Correlation: It is a term that describes how closely two variables are related to one another. For example, if one variable changes, the other variable changes as well. The correlation value can be anywhere between -1 and +1. If the variables are inversely proportional to each other, the result is -1, and if the variables are directly proportional to each other, the result is +1.

Orthogonal: It denotes that the variables are unrelated to one another, and so the correlation between them is zero.

Eigenvectors: If you have a square matrix M and a non-zero vector v, you have eigenvectors. If Av is the scalar multiple of v, then v is an eigenvector.

Covariance Matrix: The Covariance Matrix is a matrix that contains the covariance between two variables.

Principal Components in PCA

The Principal Components are the converted new features or the result of PCA, as stated above. The number of PCs in this dataset is either equal to or less than the number of original features in the dataset. The following are some of the properties of these main components:

  • The linear combination of the original features must be the main component.
  • These components are orthogonal, which means there is no link between two variables.
  • When going from 1 to n, the importance of each component declines, indicating that the 1 PC is the most important and the n PC is the least important.

Steps for PCA algorithm

Getting the dataset
To begin, we must divide the input dataset into two halves, X and Y, with X being the training set and Y being the validation set.

Representing data into a structure
Now we'll use a structure to represent our data. As an example, the two-dimensional matrix of independent variable X will be represented. Each column correlates to the Features, and each row corresponds to the data elements. The dataset's dimensions are determined by the number of columns.

Standardizing the data
We'll normalize our data in this step. In a given column, for example, features with a large variance are more essential than features with a lower variance.

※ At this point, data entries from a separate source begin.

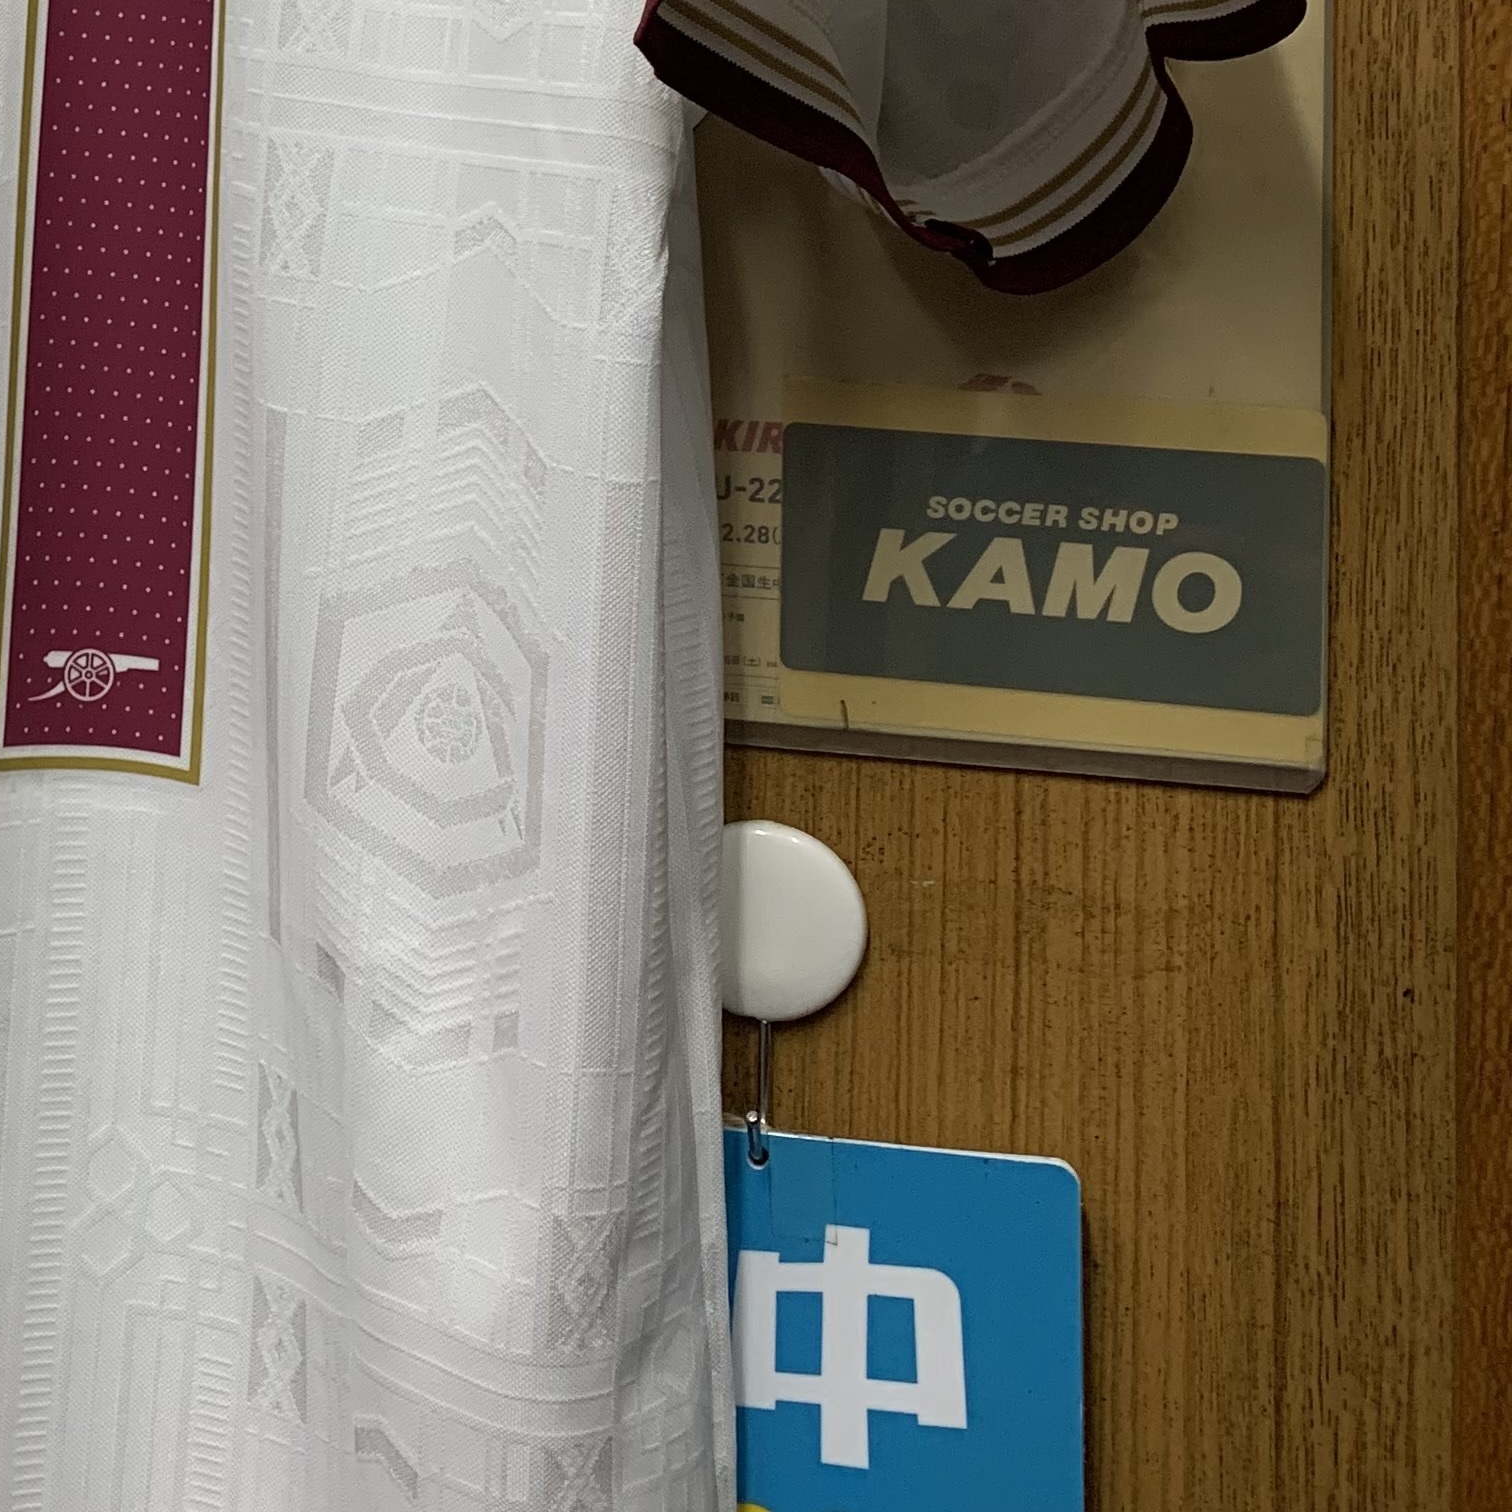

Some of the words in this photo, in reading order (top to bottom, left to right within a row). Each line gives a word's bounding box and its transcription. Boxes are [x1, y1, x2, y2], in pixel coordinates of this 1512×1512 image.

[926, 495, 1068, 529] SOCCER
[1078, 506, 1179, 536] SHOP
[861, 528, 1243, 635] KAMO
[732, 1224, 968, 1469] 中
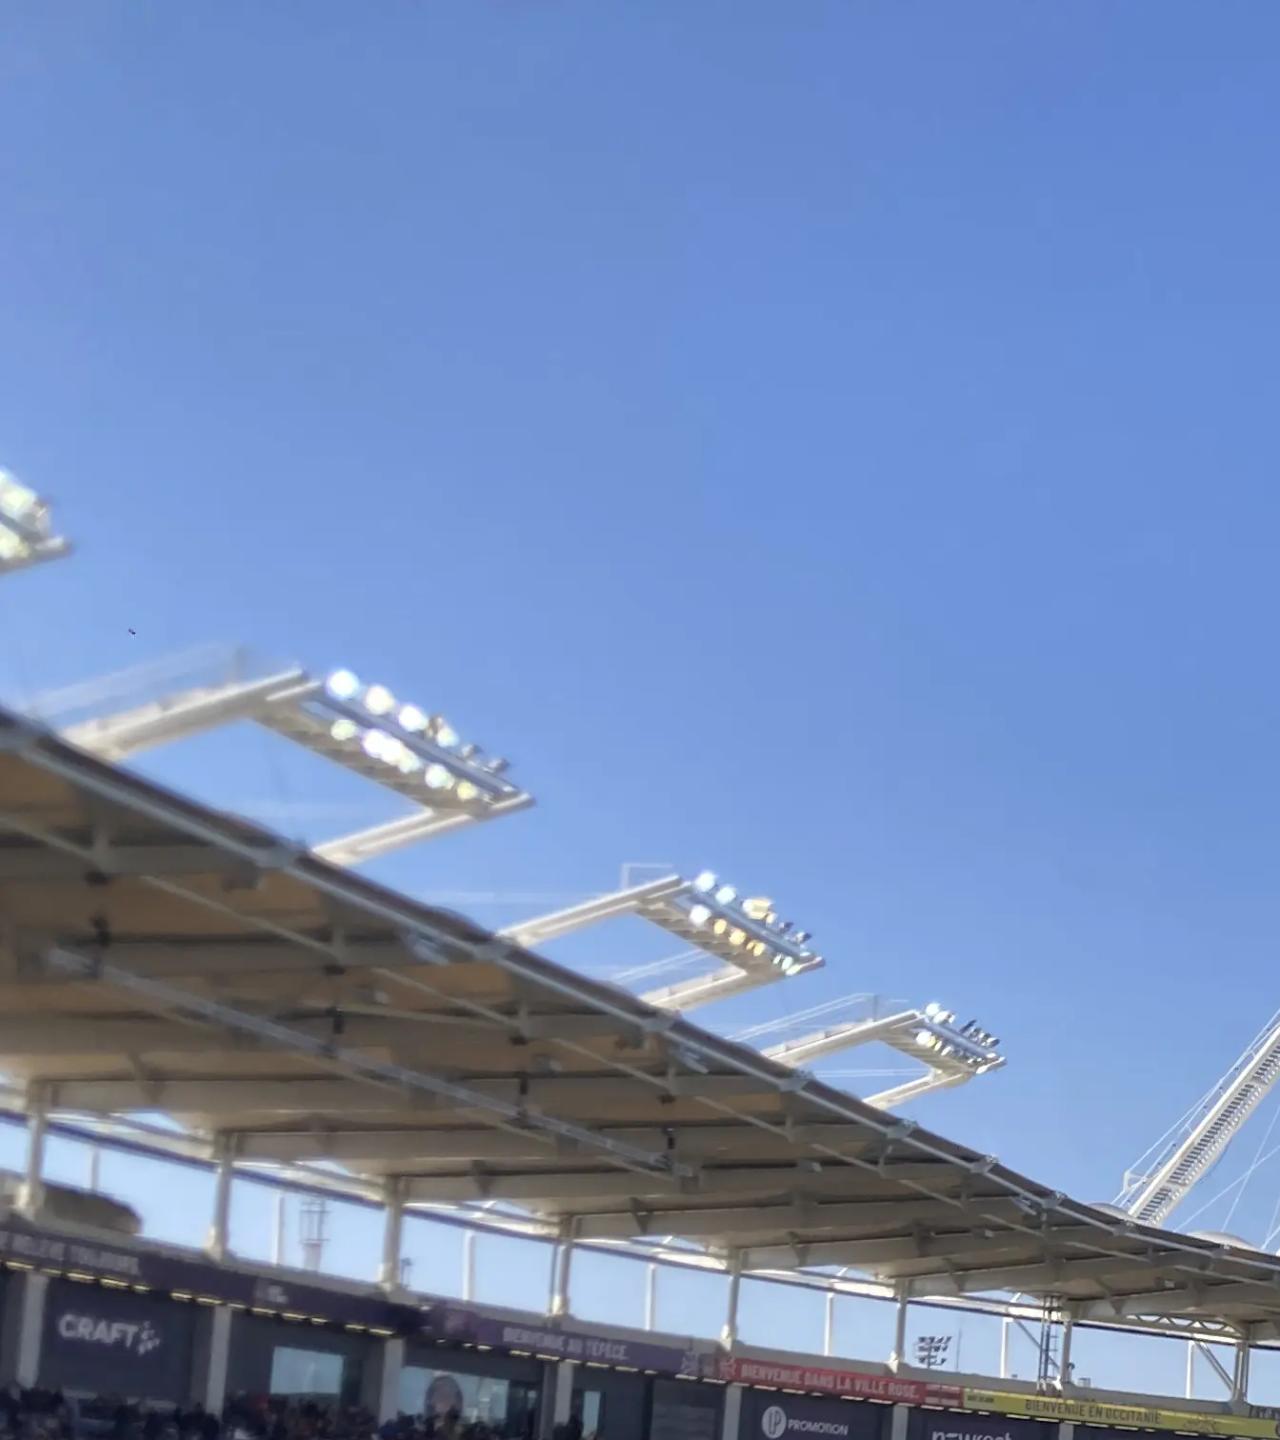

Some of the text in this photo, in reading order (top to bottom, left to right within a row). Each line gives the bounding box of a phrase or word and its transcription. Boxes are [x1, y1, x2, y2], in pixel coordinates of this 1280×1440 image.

[58, 1313, 141, 1348] CRAFT
[740, 1363, 802, 1385] BIENVENUE
[804, 1371, 835, 1390] DANS
[836, 1373, 851, 1390] LA
[854, 1377, 885, 1395] VILLE
[1025, 1399, 1162, 1425] BIENVENUE EN OCCITANIE
[787, 1418, 849, 1436] PROMOTION
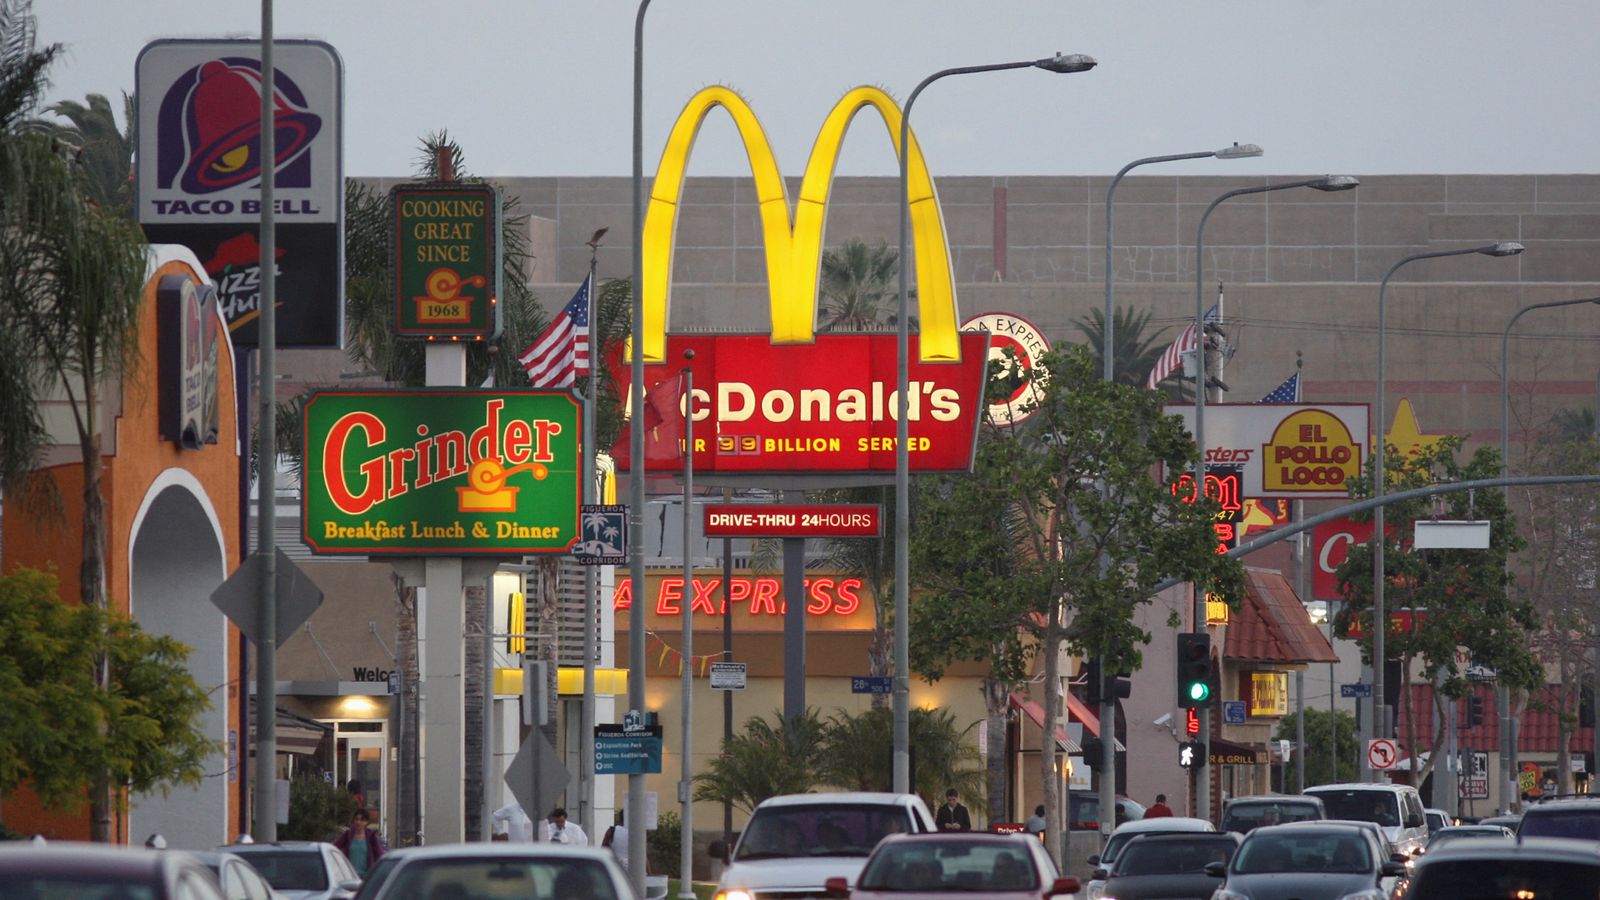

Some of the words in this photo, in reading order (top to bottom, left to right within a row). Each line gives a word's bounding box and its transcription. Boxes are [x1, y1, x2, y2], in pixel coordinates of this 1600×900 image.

[152, 200, 234, 215] TACO
[402, 200, 484, 217] COOKING
[414, 222, 473, 240] GREAT
[417, 245, 471, 262] SINCE
[427, 304, 460, 317] 1968
[1299, 424, 1327, 442] EL
[765, 437, 841, 452] BILLION
[322, 399, 562, 515] Grinder
[1205, 447, 1255, 462] sters
[1275, 446, 1351, 463] POLLO
[1281, 467, 1345, 485] LOCO
[709, 514, 796, 527] DRIVE-THRU
[324, 521, 405, 541] Breakfast
[410, 521, 465, 538] Lunch
[471, 522, 490, 538] &
[496, 521, 560, 538] Dinner
[656, 577, 863, 615] EXPRSS
[1226, 755, 1254, 763] GRILL
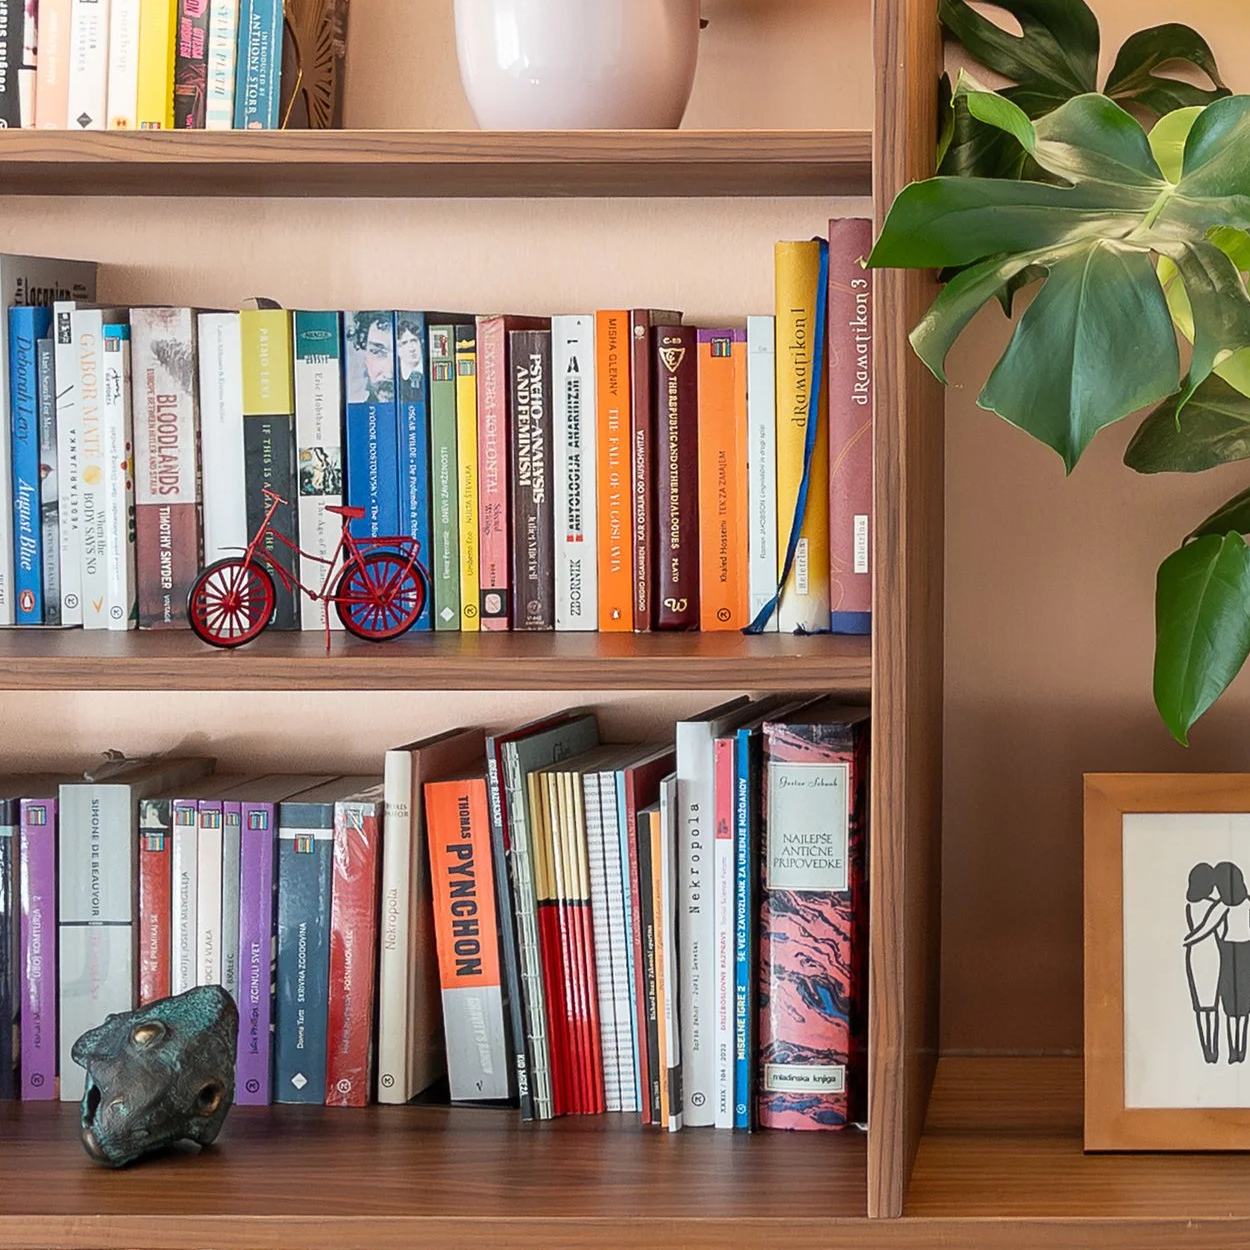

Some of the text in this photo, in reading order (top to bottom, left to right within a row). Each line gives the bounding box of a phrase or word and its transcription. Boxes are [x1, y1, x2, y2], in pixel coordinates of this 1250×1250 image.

If the importance of features is unaffected by the variance of the feature, we shall divide each data item in a column by the column's standard deviation. The matrix will be referred to as Z in this case.

Calculating the Covariance of Z
We will take the matrix Z and transpose it to get the covariance of Z. We'll multiply it by Z after it's been transposed. The Covariance matrix of Z will be the output matrix.

Calculating the Eigen Values and Eigen Vectors
The eigenvalues and eigenvectors for the resulting covariance matrix Z must now be calculated. The directions of the axes with high information are called eigenvectors or the covariance matrix. The eigenvalues are defined as the coefficients of these eigenvectors.

Sorting the Eigen Vectors
We'll take all of the eigenvalues and arrange them in decreasing order, from largest to smallest, in this phase. In the eigenvalues matrix P, sort the eigenvectors in the same order. P* will be the name of the resulting matrix.

Calculating the new features Or Principal Components
We'll calculate the new features here. We'll do this by multiplying the P* matrix by the Z. Each observation in the resulting matrix Z* is a linear combination of the original features. The Z* matrix's columns are all independent of one another.

Remove less or unimportant features from the new dataset.
We'll determine what to keep and what to discard now that the new feature set has arrived. It indicates that only relevant or crucial features will be kept in the new dataset, while unimportant ones will be deleted.

Applications of Principal Component Analysis

  • PCA is mostly utilized as a dimensionality reduction technique in AI applications like computer vision and picture compression.
  • If the data includes a lot of dimensions, it can also be utilized to find hidden patterns. Finance, data mining, psychology, and other fields employ PCA.